10

La película pornográfica

El chófer barría la superficie de la piscina con la pala de alambre, rescatando reliquias de un reino sumergido: botellas de vino, sombreros de paja, una faja de esmoquin, zapatos de charol, todas brillando juntas al sol mientras el agua se escurría. Miguel descargaba la carga en el borde de mármol, depositando respetuosamente los residuos de una noche desaparecida.

Casi no me quitó la vista de encima mientras yo me apoyaba en el coche al lado de Paula. Oí el ruidoso Seat de Cabrera que se alejaba por las avenidas bordeadas de palmeras bajo la mansión de los Hollinger. La partida del inspector pareció exponernos otra vez a todos los horrores de la mansión quemada. Las manos de Paula apretaban y soltaban el borde superior del volante. Estábamos de espaldas a la casa, pero yo sabía que la mente de ella iba de un lado a otro por las habitaciones arruinadas mientras llevaba a cabo su propia autopsia de las víctimas.

Le pasé el brazo por los hombros tratando de tranquilizarla. Se volvió y me echó esa sonrisa distraída de médico que no se da mucha cuenta de las atenciones amorosas de un paciente.

—Paula, estás cansada. ¿Quieres que conduzca? Te dejo en la clínica y después me tomo un taxi.

—No, no puedo ir a la clínica. —Apoyó la frente sobre el volante—. Esas habitaciones espantosas… Me gustaría que todo el mundo en Estrella de Mar se diera una vuelta por la casa. No puedo olvidar a toda esa gente que se bebía el champán de Hollinger y pensaban que sólo era otro viejo reaccionario casado con una especie de actriz. Yo estaba de acuerdo.

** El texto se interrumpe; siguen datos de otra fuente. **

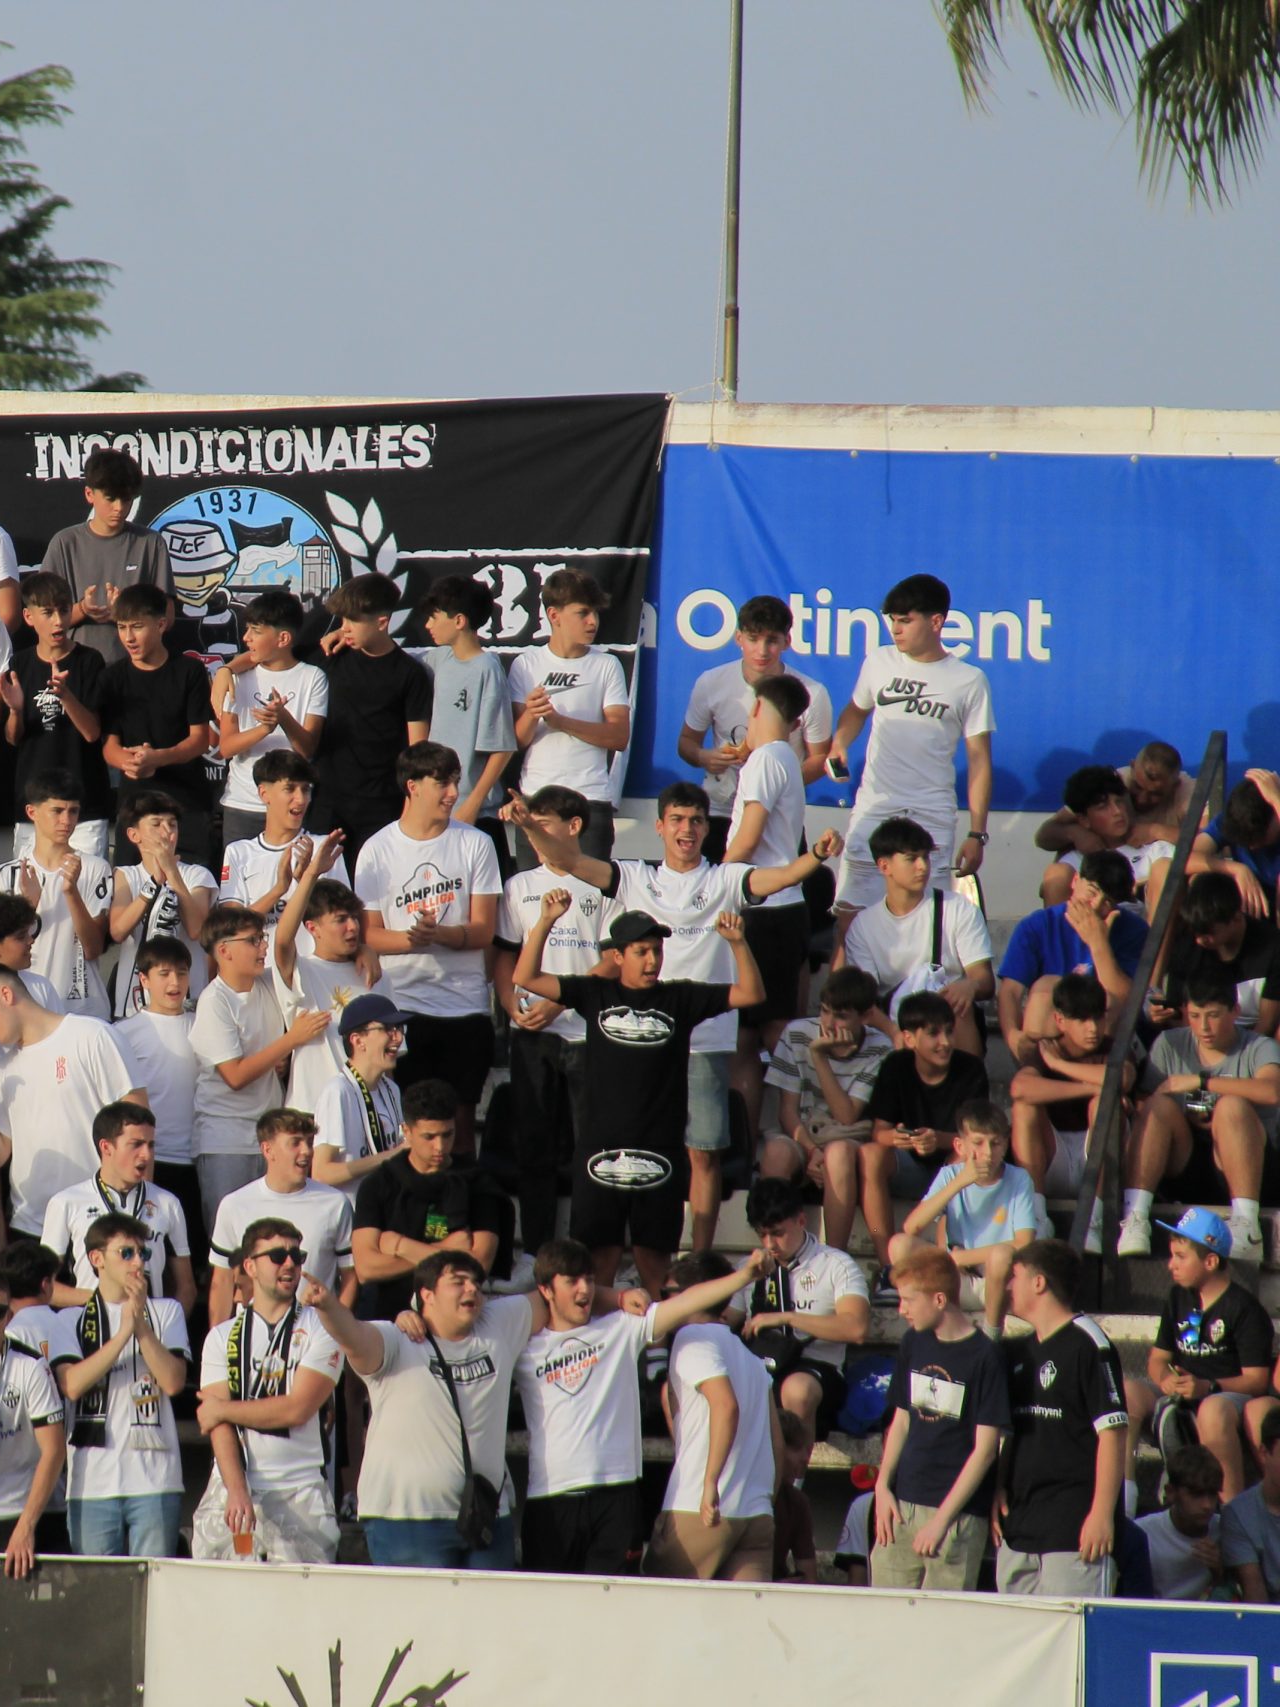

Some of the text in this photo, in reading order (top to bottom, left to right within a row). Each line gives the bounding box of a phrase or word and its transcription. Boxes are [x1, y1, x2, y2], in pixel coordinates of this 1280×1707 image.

—Pero tú no provocaste el incendio. No lo olvides.

—No lo olvido —dijo poco convencida.

Bajamos a Estrella de Mar, mientras el mar temblaba más allá de las palmeras, y dejamos atrás la iglesia anglicana; los fieles estaban llegando para el ensayo del coro. En el taller de escultura otro joven español posaba en taparrabos y flexionaba los pectorales delante de los serios estudiantes en bata de artista. El cine al aire libre alternaba La regla del juego de Renoir con Cantando bajo la lluvia de Gene Kelly, y uno de los doce clubes de teatro anunciaban una próxima temporada de obras de Harold Pinter. A pesar del asesinato de los Hollinger, Estrella de Mar se tomaba sus placeres tan en serio como un poblado de Nueva Inglaterra del siglo XVII.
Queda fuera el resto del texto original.